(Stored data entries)
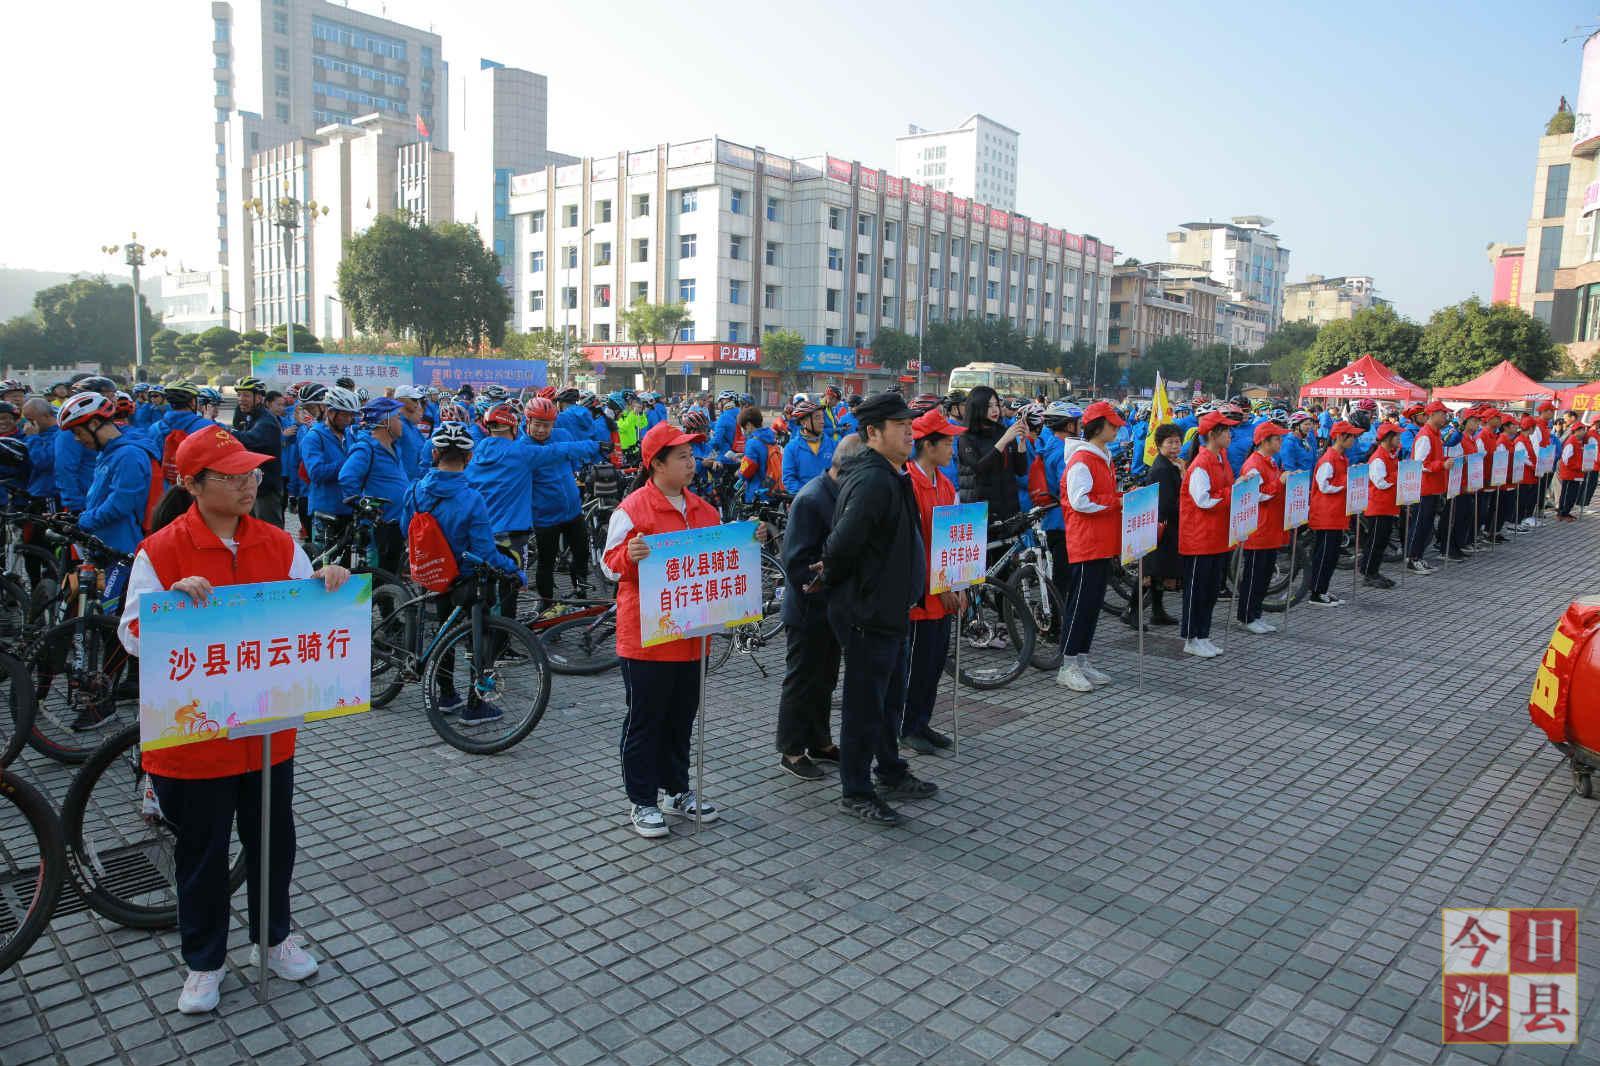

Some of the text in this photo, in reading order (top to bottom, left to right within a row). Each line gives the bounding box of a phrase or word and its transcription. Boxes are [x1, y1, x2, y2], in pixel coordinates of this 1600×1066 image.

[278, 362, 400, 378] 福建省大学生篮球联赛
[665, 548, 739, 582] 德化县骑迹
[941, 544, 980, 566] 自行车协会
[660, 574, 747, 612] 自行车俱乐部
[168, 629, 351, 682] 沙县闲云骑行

ASSIGNED TASK ▸ An exact copy of every entry, pictures left out, is what to write here.

WRITTEN RESPONSE ▸
Some of the text in this photo, in reading order (top to bottom, left to right within a row). Each line gives the bounding box of a phrase or word and its transcription. Boxes are [x1, y1, x2, y2], in pixel coordinates of this 1600×1066 image.

[278, 362, 400, 378] 福建省大学生篮球联赛
[665, 548, 739, 582] 德化县骑迹
[941, 544, 980, 566] 自行车协会
[660, 574, 747, 612] 自行车俱乐部
[168, 629, 351, 682] 沙县闲云骑行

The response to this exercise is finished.